Restructuring the Staff
In 2021, Campbell restructured his staffing system. When he switched to an in-house team, he adopted the structure the contractor used, which had different classifications for technicians based on experience and training. That left him limited on who he could hire, because he was only able to have a certain number of technicians at each classification. The classifications also determined the pay scale. Campbell eventually began hiring technicians who did not always fit into the classification they were hired for to meet staffing needs. That would sometimes lead to techs with less experience being paid more than the techs who were more experienced; some of the more experienced technicians were also hired at the entry-level positions, leading them to make less.
The city attorney, the human resources department, and the city comp committee helped Campbell change classification definitions. This allowed for the flexibility to move technicians up if they were exceling at their positions, even if they didn’t meet the specific requirements needed by the previous classification structure. Some of the technicians ended up getting as much as $10 more per hour once staffing was restructured.
Campbell reduced the number of managers on staff when transitioning to an in-house fleet. He reduced the managers from seven people to four people. The funding from the positions he cut helped increase his technician budget, allowing for higher wages, a performance bonus, and a $1,500 per-tech tool allowance.
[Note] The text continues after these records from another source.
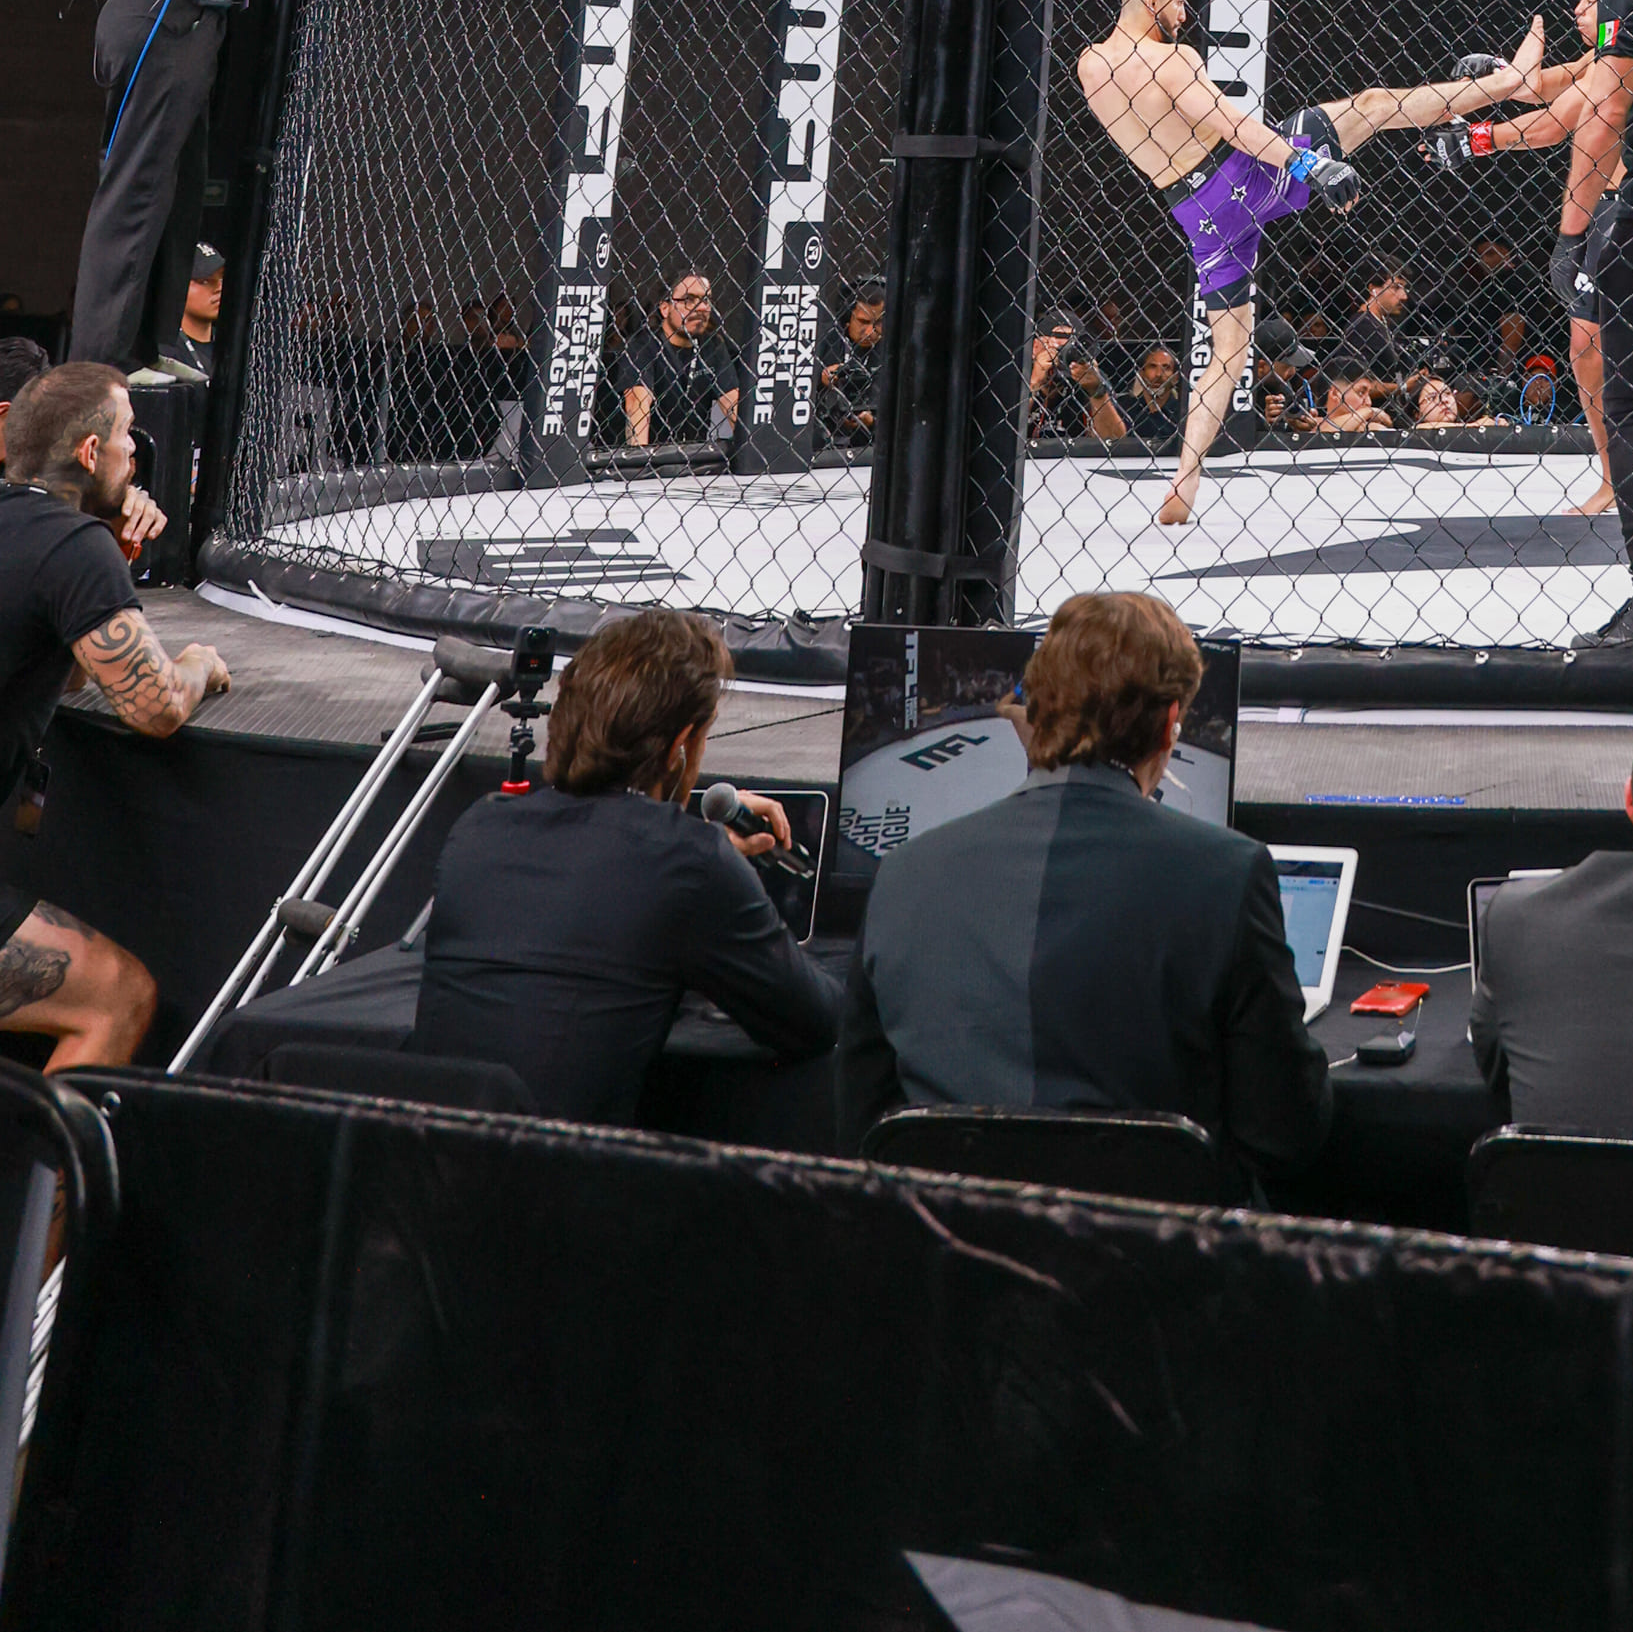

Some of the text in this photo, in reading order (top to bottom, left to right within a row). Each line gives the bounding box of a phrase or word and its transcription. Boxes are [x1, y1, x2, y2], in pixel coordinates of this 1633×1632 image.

[542, 284, 576, 437] LEAGUE
[562, 284, 594, 397] FIGHT
[577, 284, 607, 438] MEXICO
[753, 284, 782, 426] LEAGUE
[775, 284, 800, 385] FIGHT
[791, 284, 820, 427] MEXICO
[899, 733, 991, 772] MFL
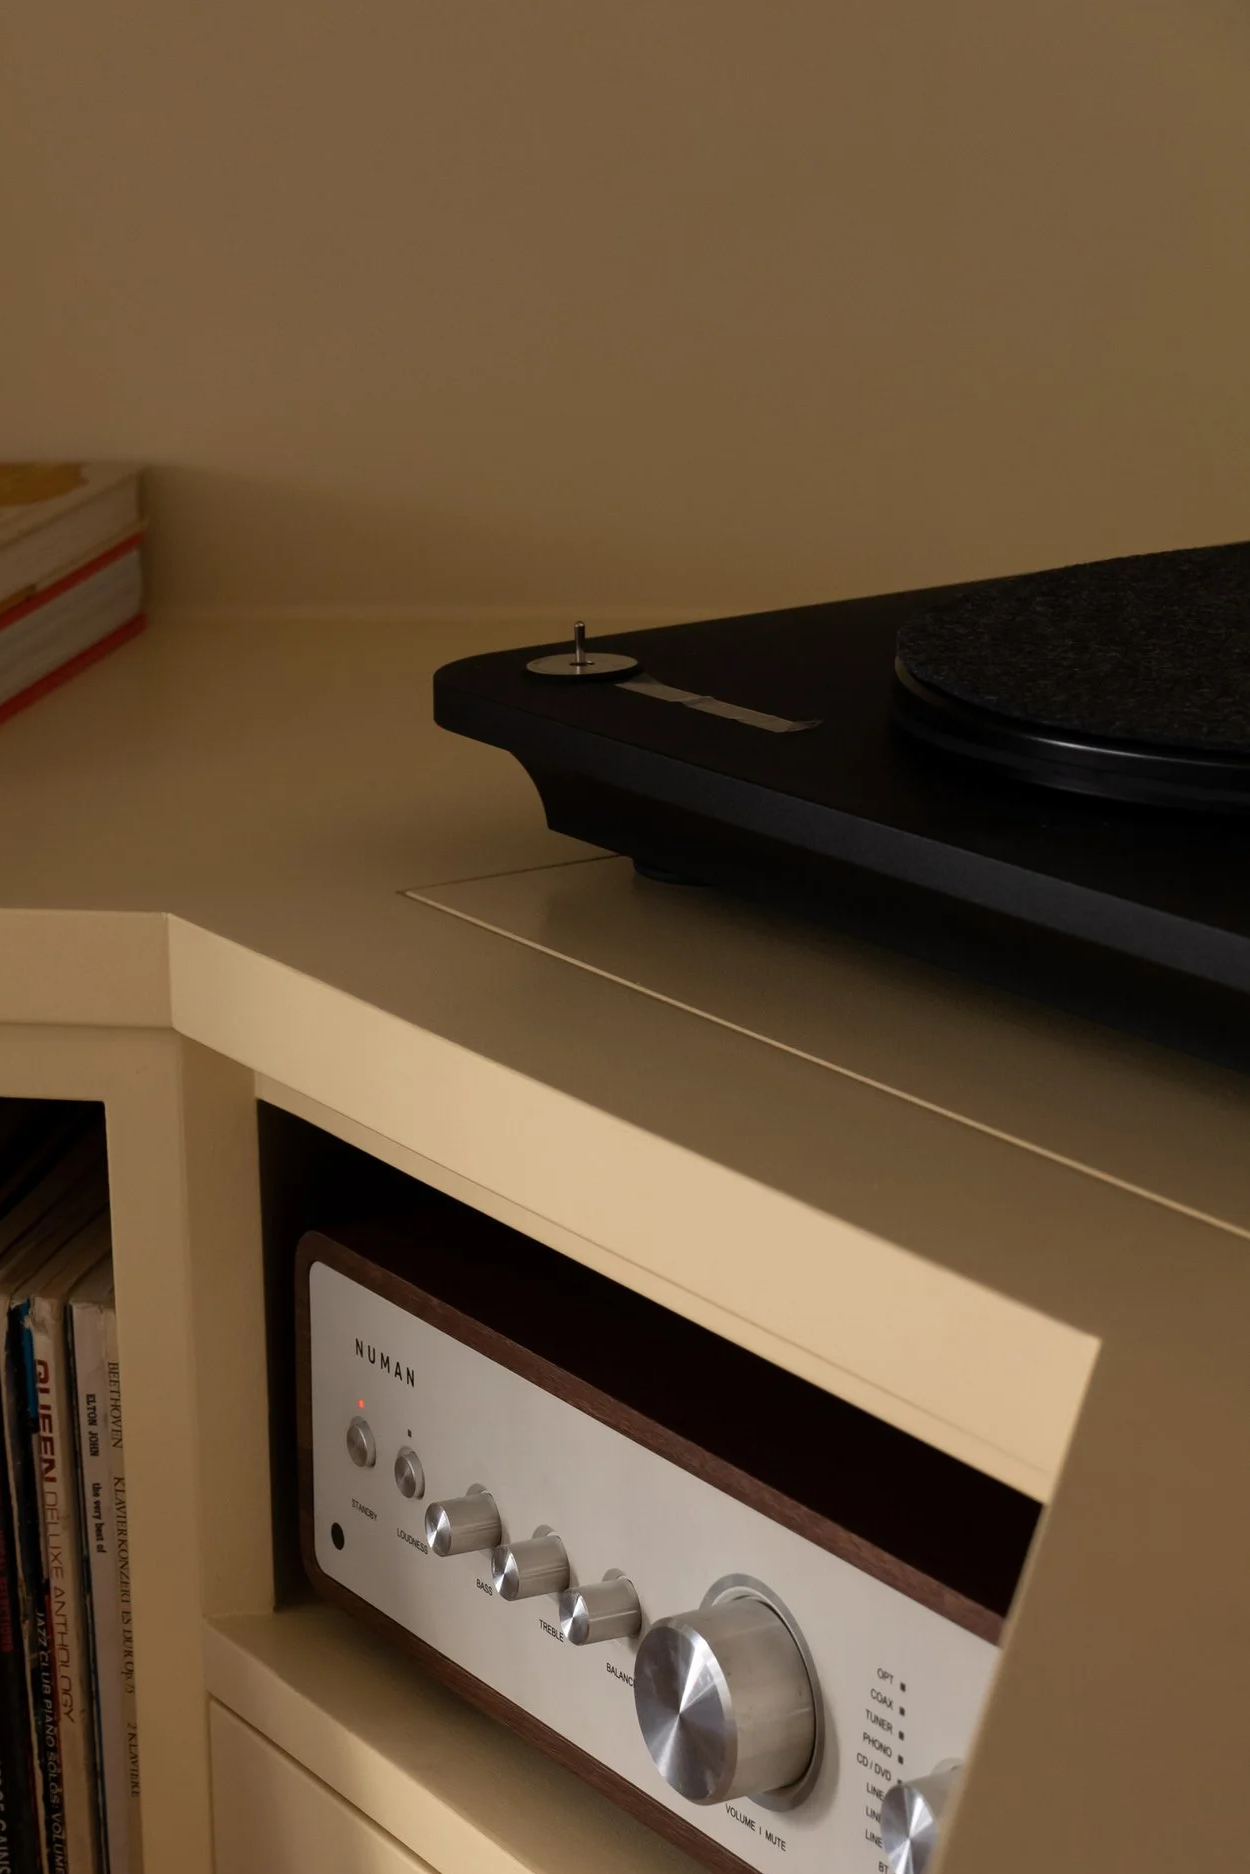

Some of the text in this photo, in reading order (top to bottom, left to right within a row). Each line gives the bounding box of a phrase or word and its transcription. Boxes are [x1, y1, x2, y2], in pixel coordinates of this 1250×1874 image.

[355, 1337, 415, 1388] NUMAN
[107, 1361, 124, 1449] BEETHOVEN
[86, 1393, 106, 1553] ELTON JOHN the very best of
[351, 1499, 378, 1520] STANDBY
[34, 1359, 76, 1723] QUEEN DELUXE ANTHOLOGY
[397, 1528, 429, 1555] LOUDNESS
[476, 1578, 493, 1596] BASS
[35, 1611, 49, 1648] JAZZ
[539, 1619, 564, 1643] TREBLE
[38, 1650, 52, 1693] CLUB
[606, 1662, 634, 1687] BALANC
[877, 1667, 894, 1685] OPT
[870, 1688, 894, 1711] COAX
[42, 1697, 56, 1748] PIANO
[865, 1708, 893, 1735] TUNER
[863, 1731, 893, 1758] PHONO
[725, 1803, 756, 1832] VOLUME
[765, 1829, 787, 1852] MUTE
[865, 1829, 883, 1848] LINE
[878, 1861, 889, 1874] BT
If he could start over the process of bringing his fleet maintenance work in-house, Campbell said he would go at a slower pace. When he and the mayor decided to make the change, Campbell explained that he rushed through the staffing process, not hiring the right people. He also said he would focus on restructuring the staff up front. The structuring changes were not made until two years into bringing the work in-house. Campbell also suggested crunching the numbers to see which option is cheaper for your team.
“Do your homework. You know what you like and dislike about the contractor, or contract. Look at the dislikes: what do you want to see changed on the contract? Put the pricing together for yourself; know what your price is going to be,” Campbell said.